Tales From the Hinterland presents readers with 12 pitch-black fairy tales that spring from the world constructed in author Melissa Albert’s previous bestselling novels. This is a darkly lyrical collection of stories about clockwork toys that consume children’s dreams; a girl who spends a night with Death; a maiden skinned to make her a better bride; parents who sell children for a life of fortune; and more.

Plot Summary

Melissa Albert’s book The Hazel Wood introduced readers to its protagonist hero Alice, as well as a mystical other-world called the Hinterland. Alice’s grandmother, Althea Proserpine, was said to have authored a notorious collection of dark and twisted short stories called Tales From the Hinterland. When that anthology was published in our world, its characters escaped from the pages into our reality.

This is that book. And these are their backstories.

The dozen fairy tales collected here are savage, angry, bitter and cruel. We read, for instance, of a young girl named Hansa who is the product of a seagoing man and a star. She must seek out her imprisoned mother and cut off her hand if she hopes to set her free. Another young woman must use her sister’s life blood to paint a doorway to a dark, empty dimension of freedom. Three sisters prick their fingers and shed their blood on a briar patch gravesite in exchange for dreams of their future husbands.

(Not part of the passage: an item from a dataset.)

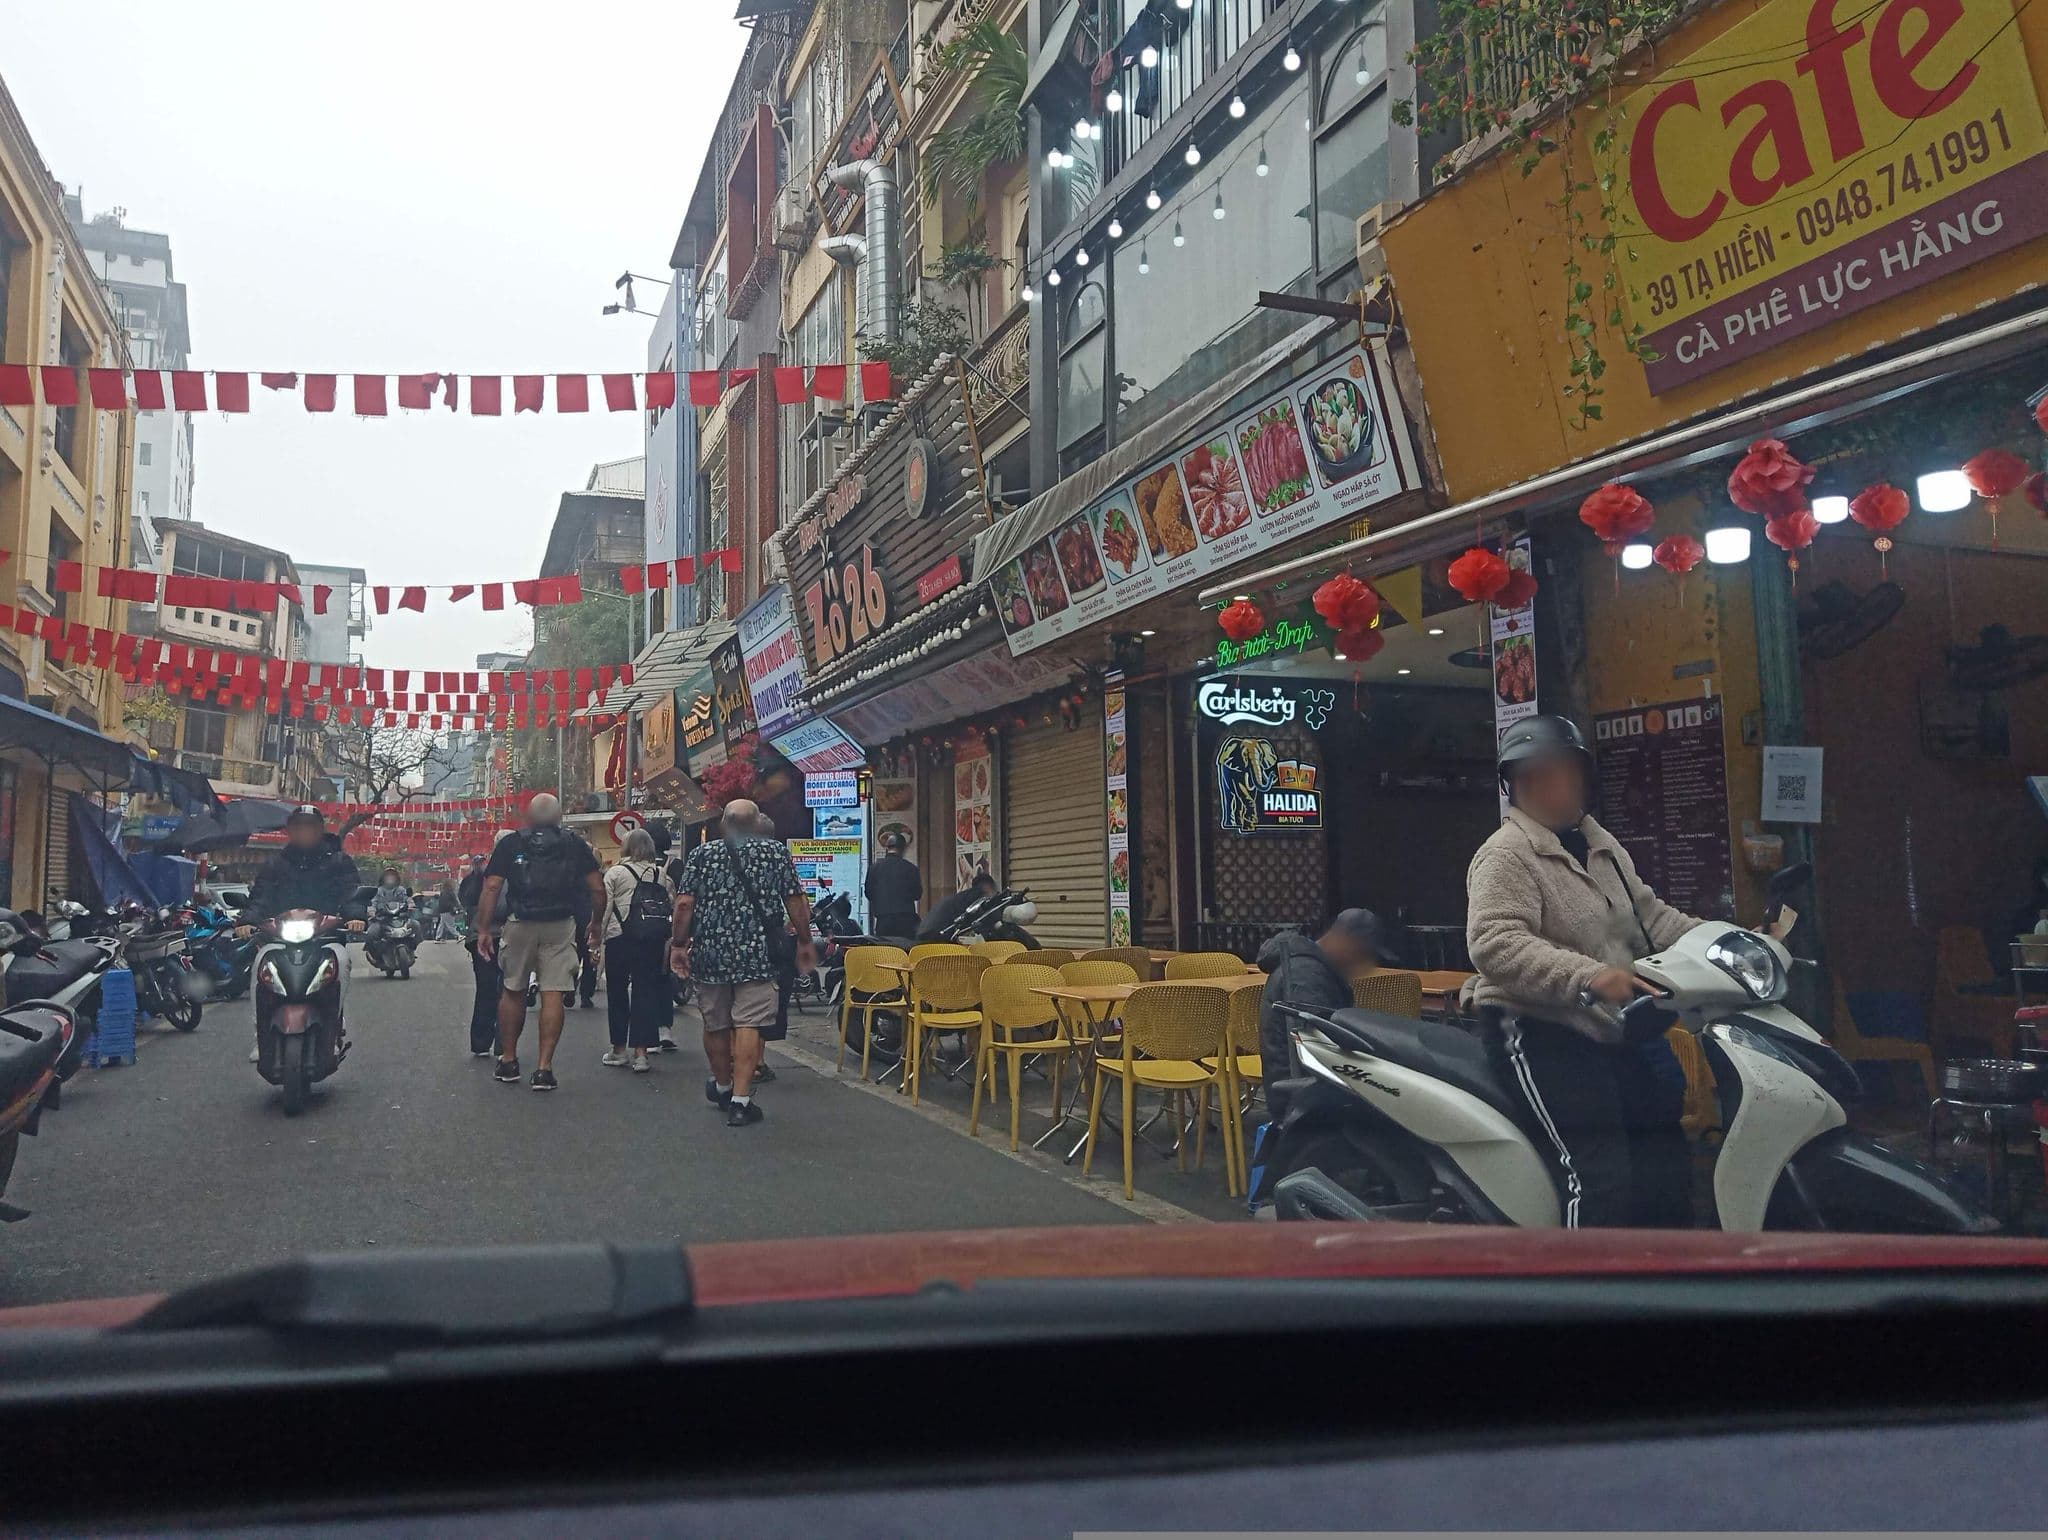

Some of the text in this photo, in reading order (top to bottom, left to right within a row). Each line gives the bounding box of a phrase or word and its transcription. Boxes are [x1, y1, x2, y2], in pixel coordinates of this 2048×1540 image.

A young girl named Ilsa, who can see Death, spends a night with him and learns his soul-harvesting ways. Another woman makes a bargain with a clockwork toymaker and sells him her unborn child. And another is shorn of her skin to make her a “better” and more obedient wife.

The stories tell of people’s lusts, illicit affairs and bottled rage, frustrations with being thought inadequate, fears of failing, and their hopelessness in the face of loss. And happy endings are rarely a part of the ever after here.

Christian Beliefs

There is no God or any kind of heavenly higher power in this story world. In fact, one tale tells of a woman and her husband who are childless and praying “for the gods to give them one, but there were no gods to hear.”

Other Belief Systems

This anthology of stories suggests that other worlds exist in addition to our own. As such, these tales all take place in a magical land of kings, paupers, witches, demons, enchanters and talking inanimate objects. Characters converse with Death; they enter alternate dimensions; they shed their skins; they strain against the will of powerful creatures; they cast spells and get caught up in mystical happenings and ironclad predestinations that are often well outside their control. Innocents are bewitched by spells and turned into mindless husks of themselves and eventually killed.

Authority Roles

Parents in these tales are neglectful, abusive, smothering and foolish. Whether they are kings and queens or penniless commoners, their parental choices always tend to be self-serving and unconcerned with their young charges. For instance, one mother and father sell their daughter into marriage to a magical house in exchange for great fortune. They struggle with guilt for a short time but soon forget about those feelings once they receive riches and a new home full of belongings.

Even non-human guiding forces such as the moon and the sea tide—talking entities that professes to be a young human girl’s relatives—often send their young charges off in directions that they know will be perilous and most likely deadly

Profanity & Violence

The narrative language and dialogue here are both reminiscent of old English: “Take a stone and prick their heels thrice. Bloody the stone and bury it low and let the Night Women come” So it is free of any contemporary profanity or crudities.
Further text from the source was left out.